Monday, Sept. 25, 2006 | 7:15 a.m.

Since the academic year began Aug. 30, School Police have confiscated six guns from individuals on campuses, including a loaded .40 caliber handgun taken from a student at Bonanza High School.

Also in the arsenal: a compound bow and 14 knives, found in a vehicle cruising the Centennial High School campus.

And on Friday , School Police arrested two 17-year-olds for their alleged involvement in a bus-shooting incident the previous day.

Phil Gervasi, president of the Clark County School Police Officer's Association, says such incidents are evidence that more campus cops are needed. A "severe staffing shortage" in the School Police department, Gervasi says, is compromising student safety.

The association, with help from local AFL-CIO affiliates, hopes to make its point at a rally outside Thursday's meeting of the Clark County School Board.

The district's comprehensive high schools have two campus police officers. But nighttime football games are understaffed, Gervasi said, and some athletic events have no police presence.

During a recent game at the new Legacy High School in North Las Vegas, a 16-year-old was arrested after he fired a handgun in the campus parking lot.

School Police Chief Hector Garcia said that when enrollment figures are firmed up he will likely rearrange some officer assignments. That may include sending more manpower to middle schools in need.

"The magic number is 1,575 (students)," Garcia said. "That qualifies a middle school for a police officer, or, if they choose, a campus security monitor."

Not all middle schools want police officers - a good thing, because there aren't enough campus cops to go around. Requests for officers are approved based on availability. Variables such as past incidents and problems in surrounding neighborhoods are also a factor.

During the 2005 legislative session, Assembly Bill 408, which would have required every middle school in Clark County to have its own police officer, died in committee.

School Police officers are in short supply nationwide. The Clark County School Police Department currently has 132 officers, with 18 vacancies. The department has lost 48 officers in 10 years to law enforcement agencies in surrounding municipalities, which typically offer better pay than the School District.

If his department was fully staffed, Garcia said he would have an easier time assigning officers to middle schools. There would also be more people available for patrols and investigative work.

When a fight broke out among students at Cortney Middle School on Monday , the two campus security monitors had a tough time holding back the three combatants and the dozens of spectators.

Cortney Principal Teresa Holden called School Police and Metro Police, and both agencies sent officers.

Holden has been asking for a police officer for her campus since last winter, when she took over as principal of the school on East Hacienda Drive off Nellis Boulevard.

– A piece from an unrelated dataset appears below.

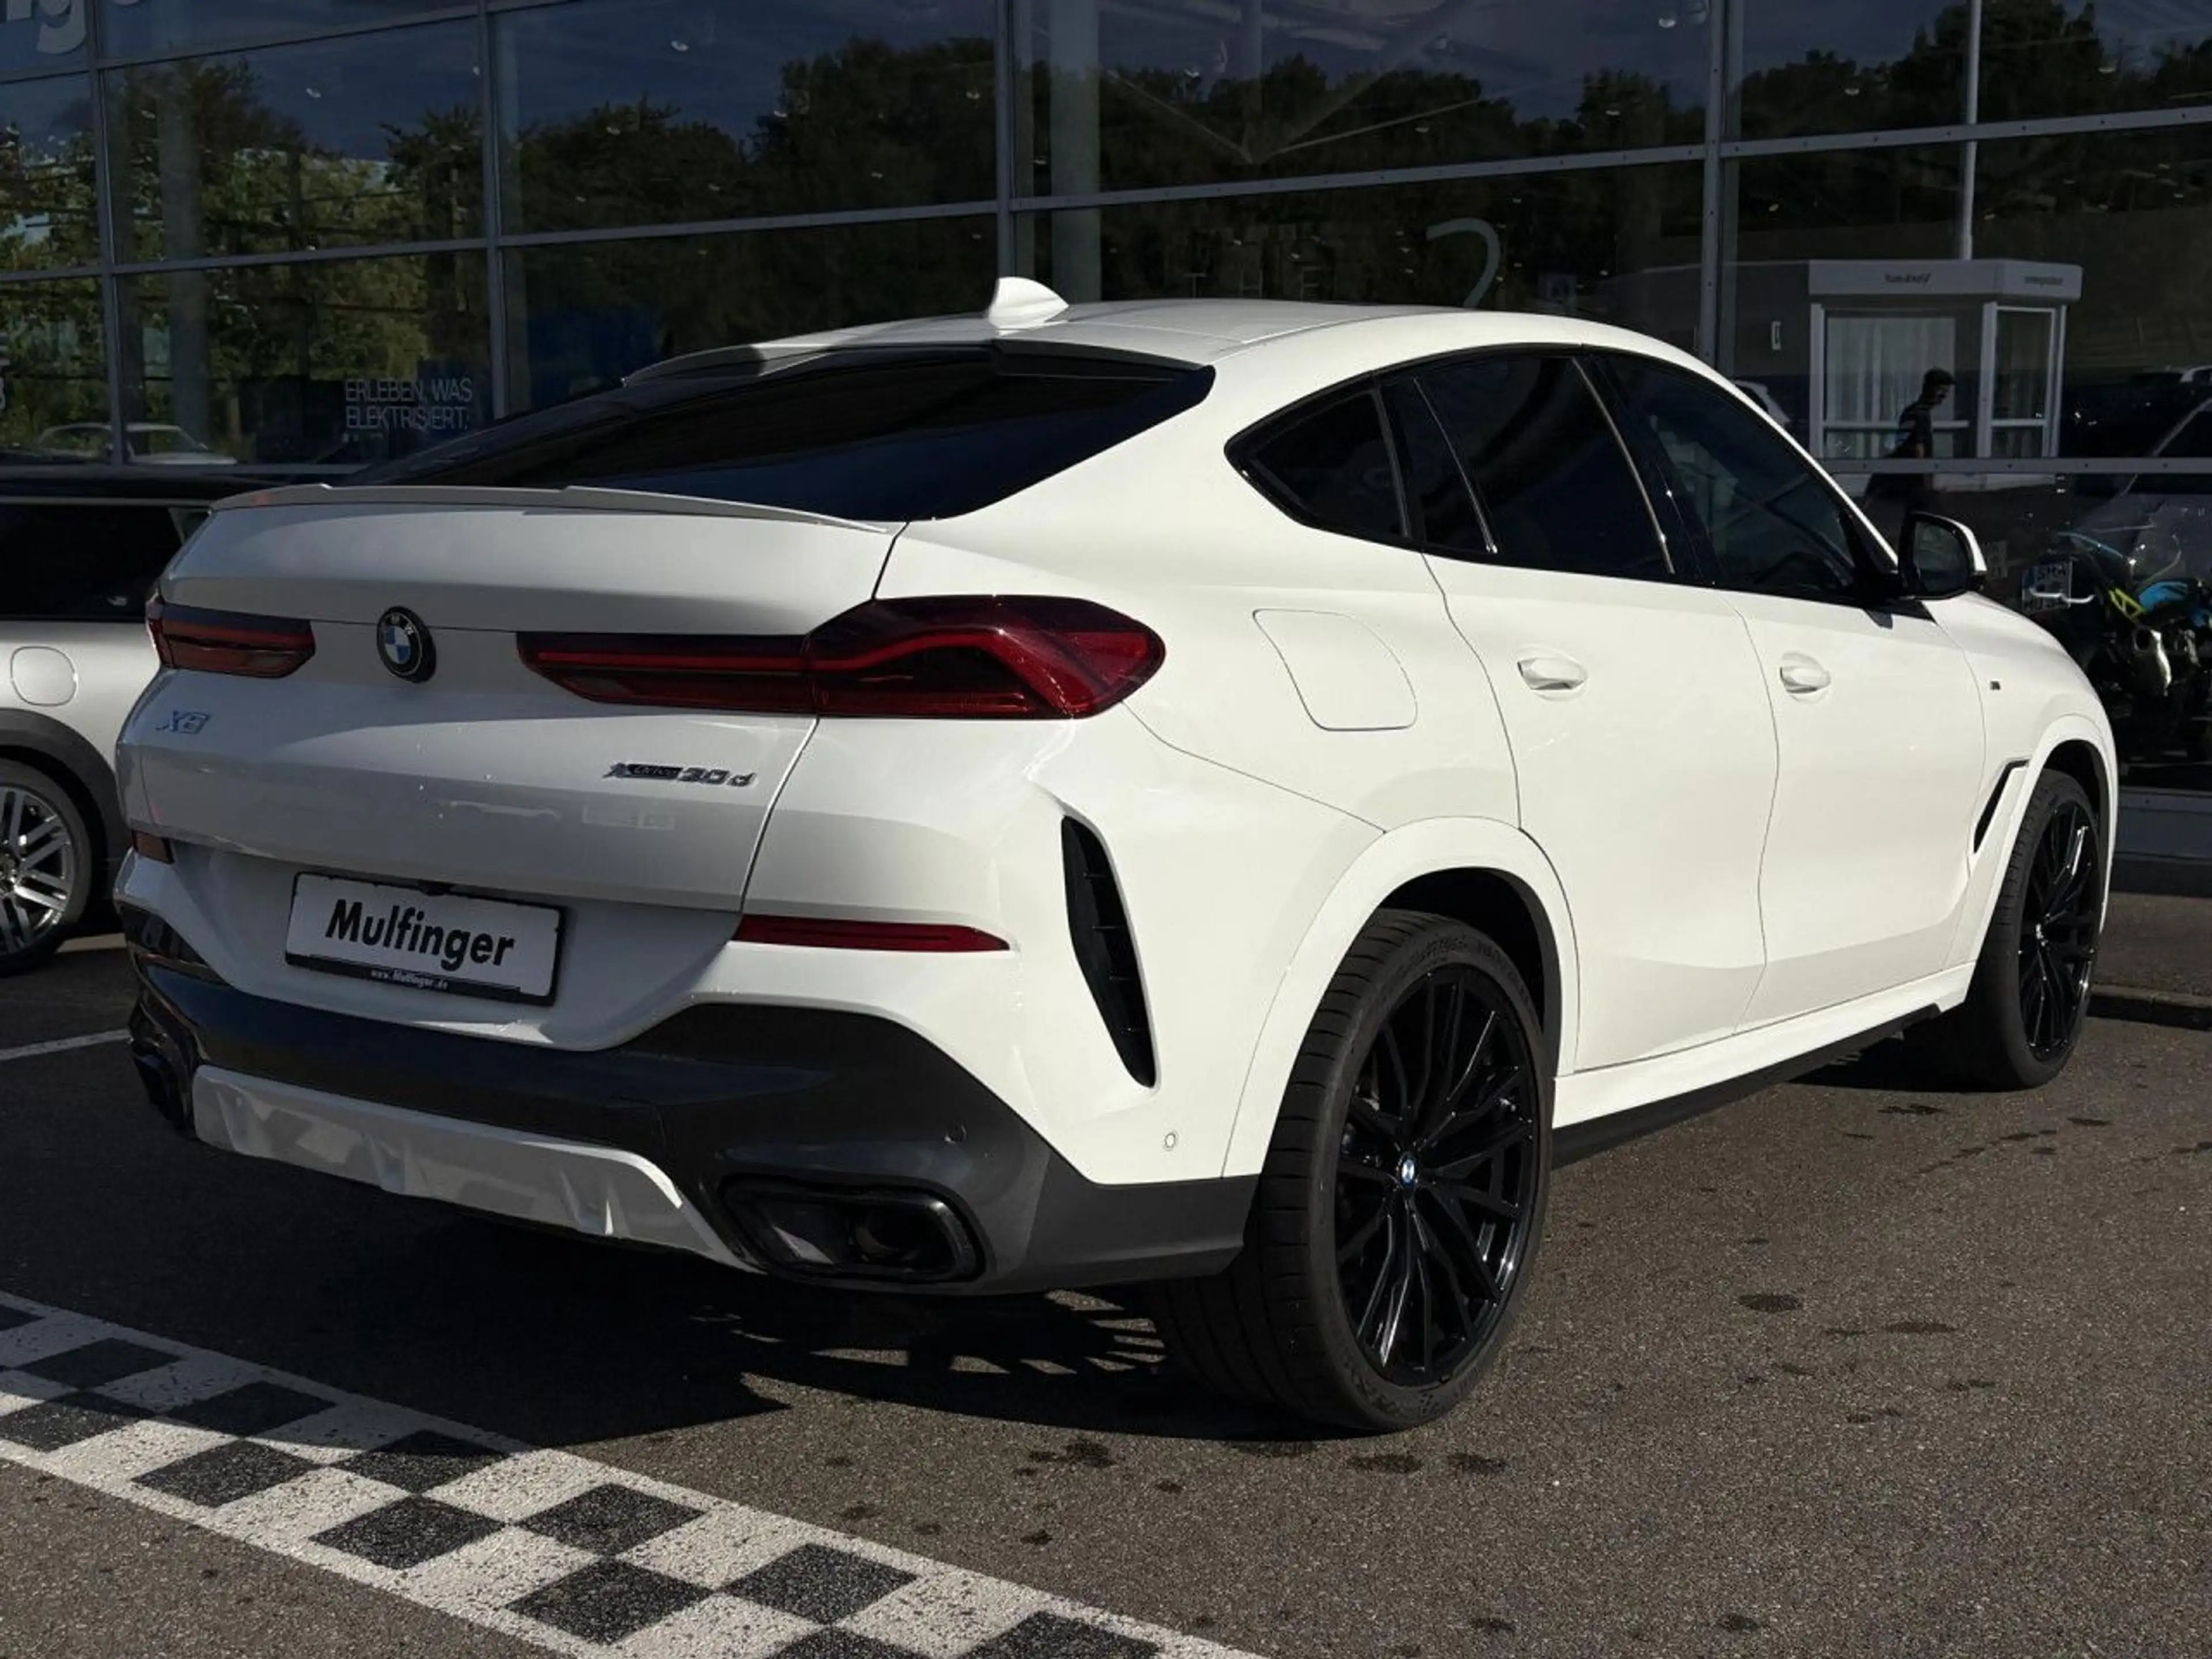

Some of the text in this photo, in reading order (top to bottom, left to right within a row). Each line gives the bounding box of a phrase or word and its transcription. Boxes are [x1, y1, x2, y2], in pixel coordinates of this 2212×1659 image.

"There have been some opportunities for there to be volatile situations on campus, things that spill back over from the neighborhood onto the school," said Holden. She emphasized, however, that the campus is safe and that parents should feel comfortable sending their children to school.

School Police officials say Cortney is high on its priority list. Holden expects to be assigned a third campus security monitor until a school police officer is available.

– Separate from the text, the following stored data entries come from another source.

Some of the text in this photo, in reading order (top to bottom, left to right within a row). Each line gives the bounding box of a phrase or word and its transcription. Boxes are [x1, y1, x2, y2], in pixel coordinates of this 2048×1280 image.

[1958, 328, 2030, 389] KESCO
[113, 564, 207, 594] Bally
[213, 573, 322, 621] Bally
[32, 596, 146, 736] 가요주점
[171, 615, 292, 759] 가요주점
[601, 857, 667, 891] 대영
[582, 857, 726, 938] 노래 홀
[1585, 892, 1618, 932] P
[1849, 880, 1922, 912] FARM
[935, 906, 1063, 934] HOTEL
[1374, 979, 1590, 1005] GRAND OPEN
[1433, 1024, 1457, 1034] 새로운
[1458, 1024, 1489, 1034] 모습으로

The Nevada Department of Education is investigating a handful of allegations that teachers improperly assisted students during state-ordered tests.

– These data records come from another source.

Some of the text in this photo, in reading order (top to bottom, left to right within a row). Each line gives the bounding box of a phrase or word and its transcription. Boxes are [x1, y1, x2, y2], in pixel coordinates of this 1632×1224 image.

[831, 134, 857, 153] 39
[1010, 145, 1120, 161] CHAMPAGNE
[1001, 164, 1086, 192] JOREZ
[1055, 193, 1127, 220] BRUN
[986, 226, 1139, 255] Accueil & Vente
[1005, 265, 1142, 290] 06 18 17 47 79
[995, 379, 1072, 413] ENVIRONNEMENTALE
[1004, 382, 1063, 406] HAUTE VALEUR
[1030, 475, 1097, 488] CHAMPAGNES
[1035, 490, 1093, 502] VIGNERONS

The annual test security report, obtained by the Sun, includes incidents that appear to be genuine misunderstandings of the rules and regulations for administering the tests. In one case, a principal allowed students to briefly leave a testing room in order to take part in a senior class photograph. And at another campus, an answer sheet went missing after a teacher forgot to count the materials before dismissing the class. But there was one obvious winner in the "What Were They Thinking?" category:

At White Middle School, two students wrote their answers to a writing test in Spanish, then used a classroom computer to access a Web site that translated their papers into English. "The teacher allegedly believes that it is permissible for students to use a Web site in order to complete their essays," according to the state report.